_What you have to do:_ What are the lines below, starting at the line containing "this 1344×1134 image." and ending at the line containing "this 1288×966 image."? Write them out exactly, ends included, without pictures.

_Images for object localization:_
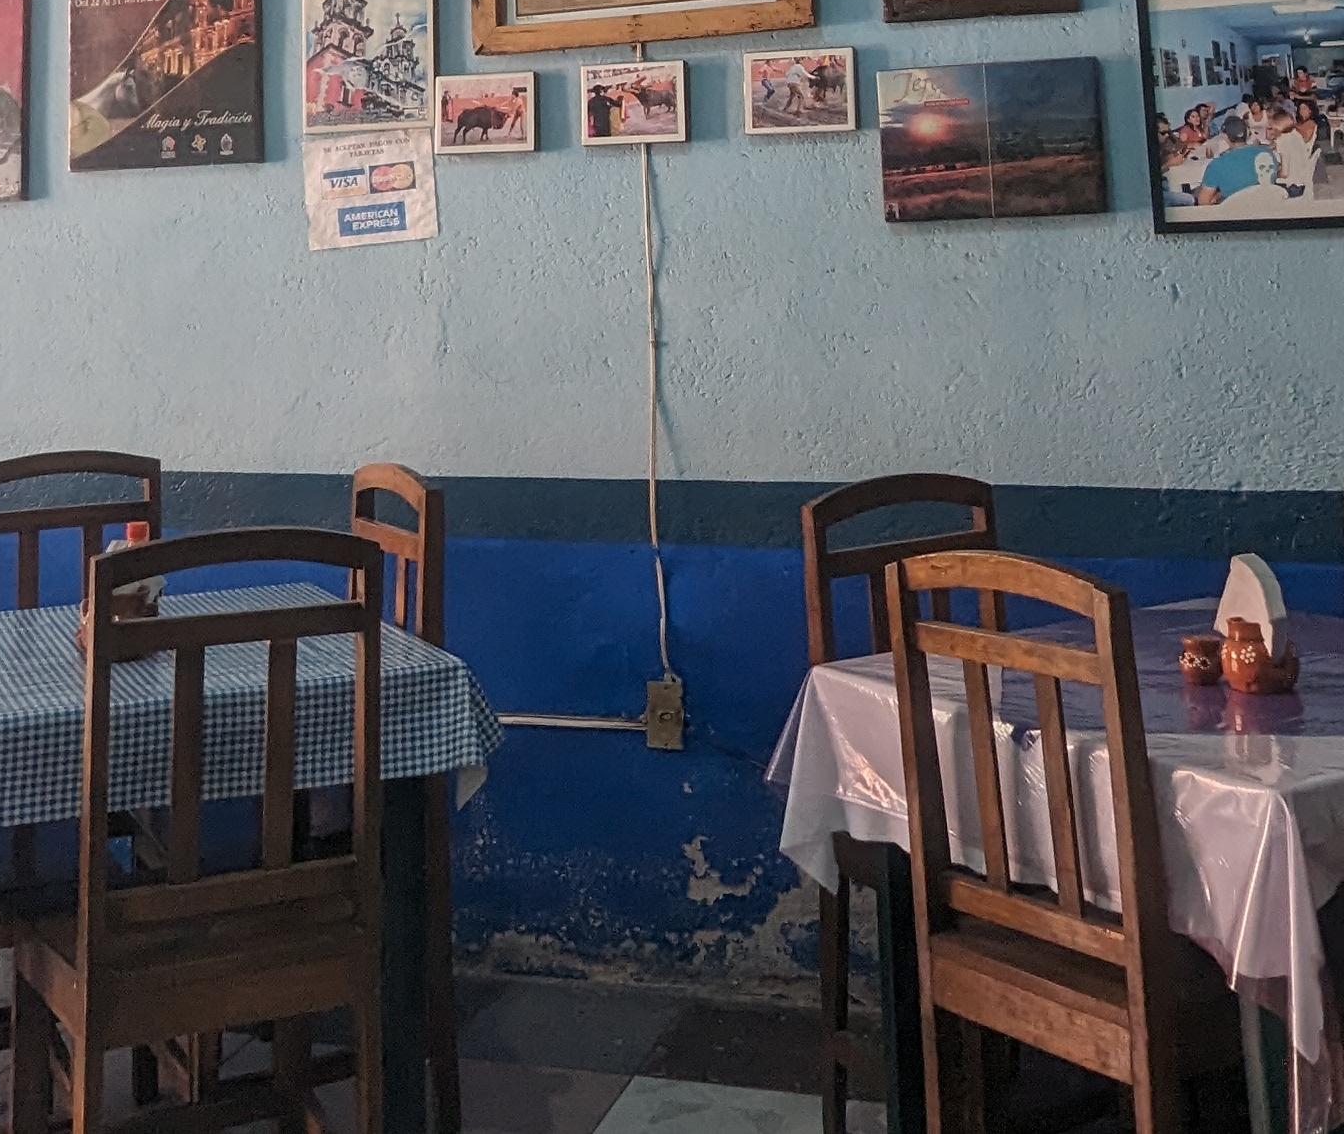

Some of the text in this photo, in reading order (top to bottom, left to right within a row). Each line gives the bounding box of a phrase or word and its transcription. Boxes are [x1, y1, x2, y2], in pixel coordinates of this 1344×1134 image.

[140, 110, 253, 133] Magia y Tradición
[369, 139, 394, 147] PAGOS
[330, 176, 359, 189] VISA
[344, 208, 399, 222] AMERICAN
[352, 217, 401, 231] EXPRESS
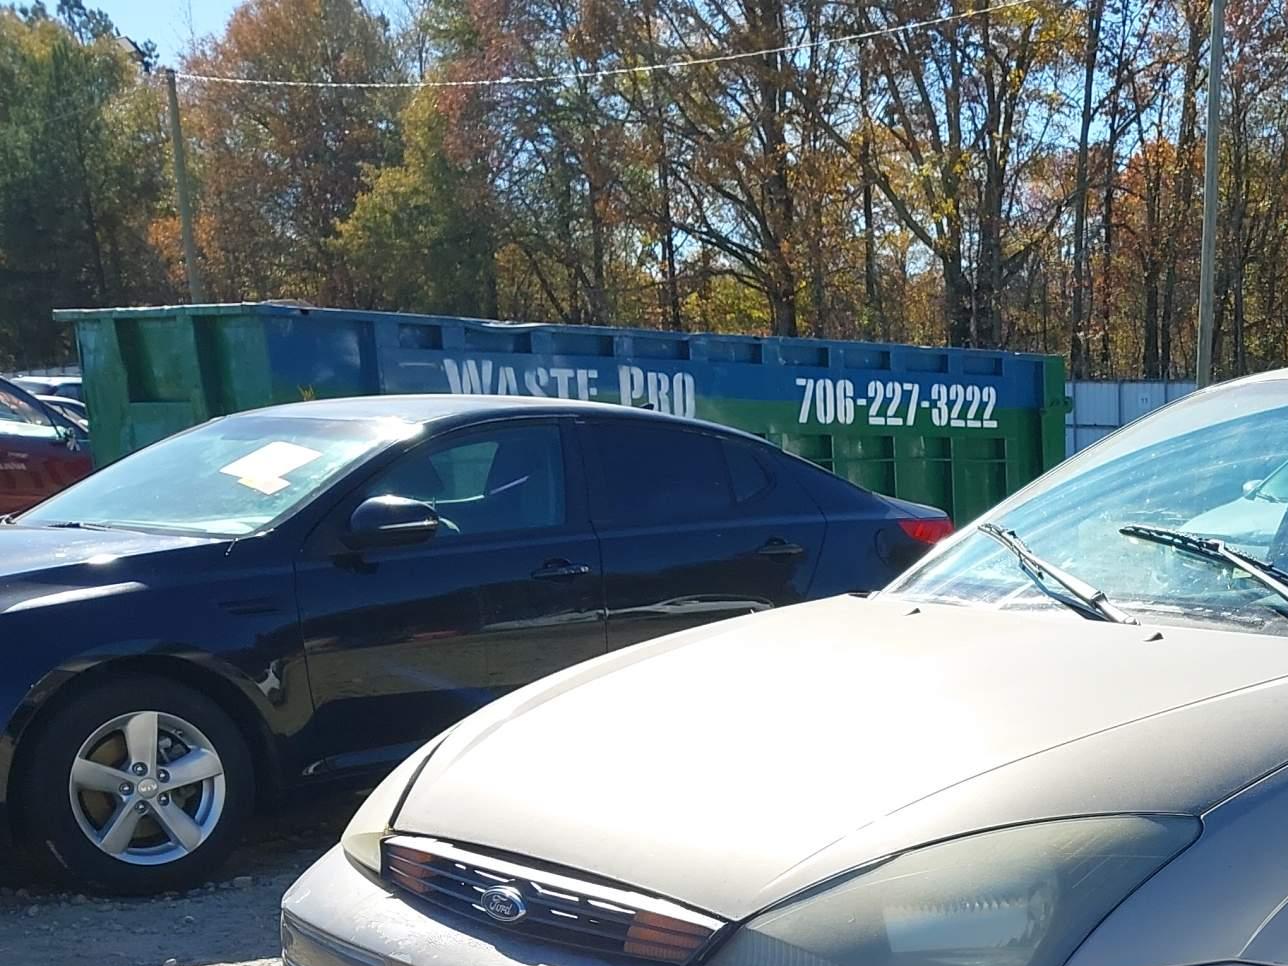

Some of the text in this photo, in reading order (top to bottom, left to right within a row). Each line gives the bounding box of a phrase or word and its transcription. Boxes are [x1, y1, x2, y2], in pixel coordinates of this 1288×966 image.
---
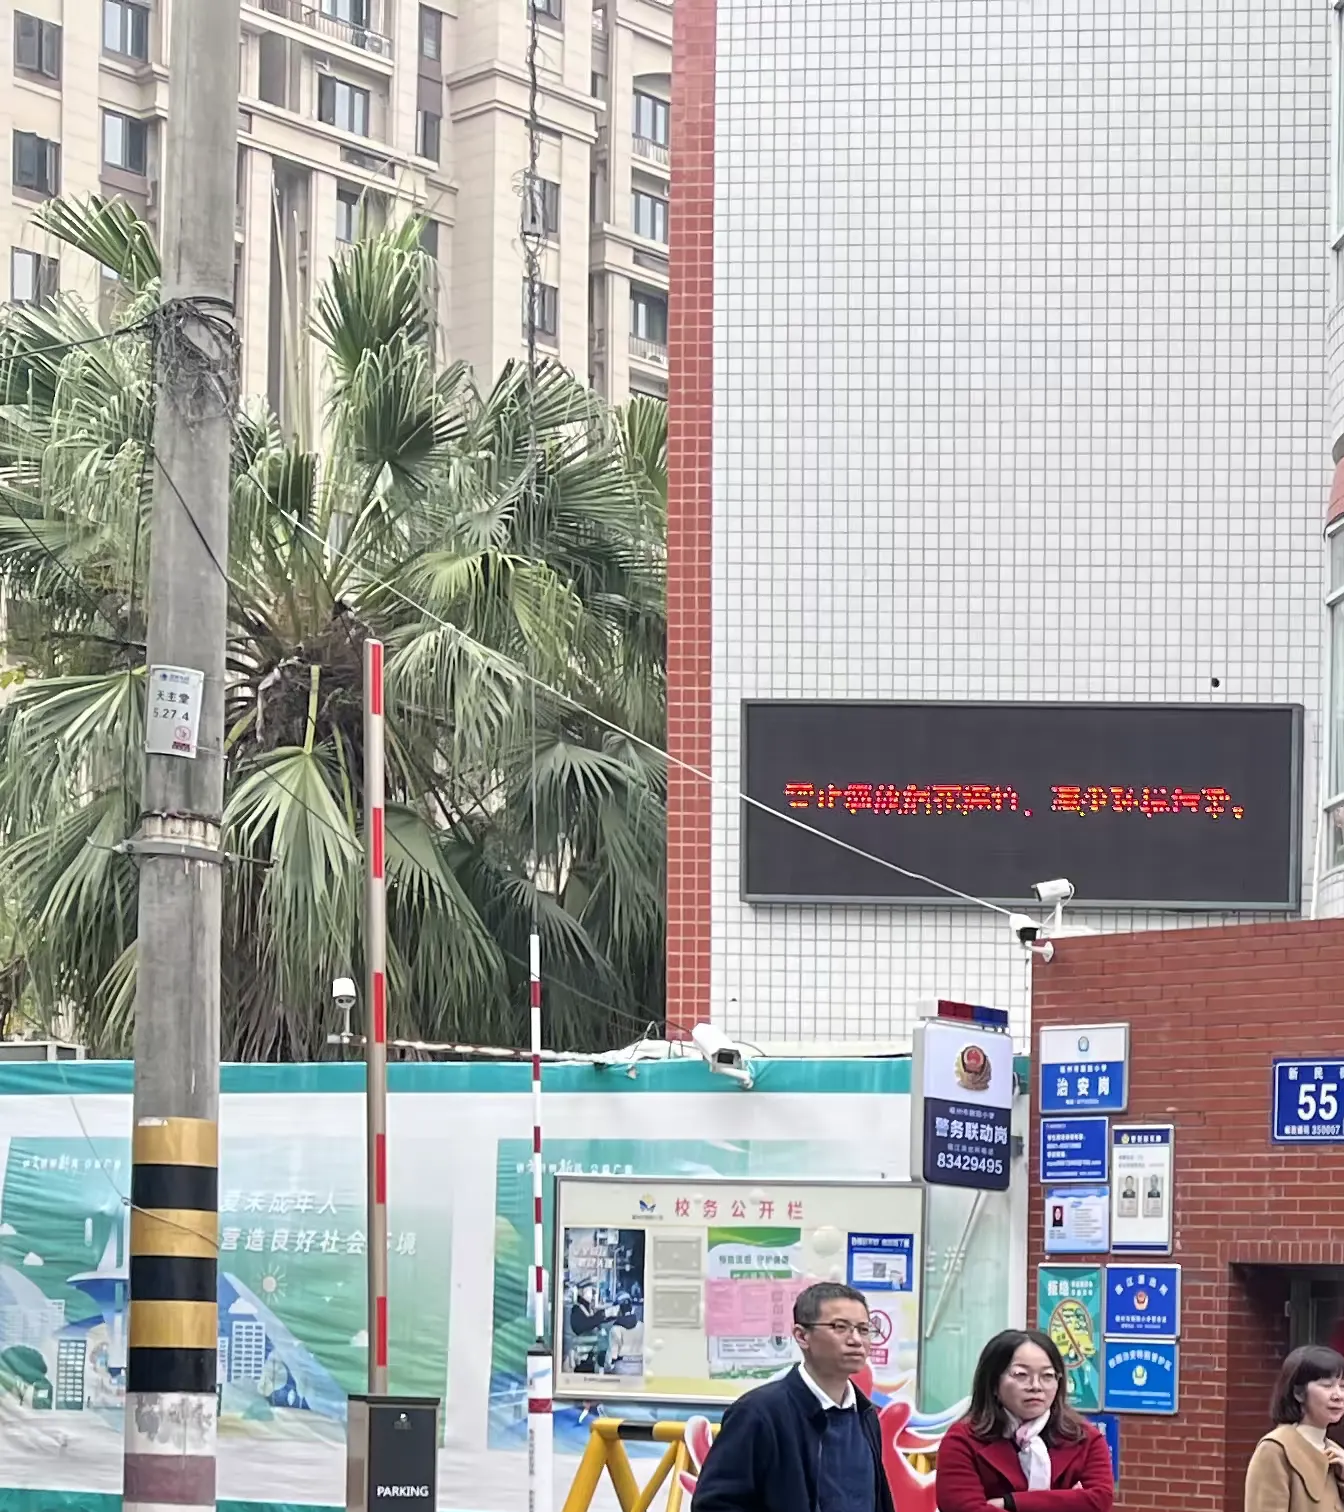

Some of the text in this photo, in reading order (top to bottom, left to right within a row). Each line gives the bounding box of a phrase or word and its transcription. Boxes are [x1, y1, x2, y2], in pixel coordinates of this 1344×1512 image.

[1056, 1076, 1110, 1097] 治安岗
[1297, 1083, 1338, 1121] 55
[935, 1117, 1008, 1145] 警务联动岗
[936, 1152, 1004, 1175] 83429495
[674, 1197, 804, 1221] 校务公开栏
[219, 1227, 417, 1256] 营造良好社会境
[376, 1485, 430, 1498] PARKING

_Task answer:_
Some of the text in this photo, in reading order (top to bottom, left to right within a row). Each line gives the bounding box of a phrase or word and its transcription. Boxes are [x1, y1, x2, y2], in pixel coordinates of this 1344×1134 image.

[140, 110, 253, 133] Magia y Tradición
[369, 139, 394, 147] PAGOS
[330, 176, 359, 189] VISA
[344, 208, 399, 222] AMERICAN
[352, 217, 401, 231] EXPRESS

Some of the text in this photo, in reading order (top to bottom, left to right within a row). Each line gives the bounding box of a phrase or word and its transcription. Boxes are [x1, y1, x2, y2], in pixel coordinates of this 1288×966 image.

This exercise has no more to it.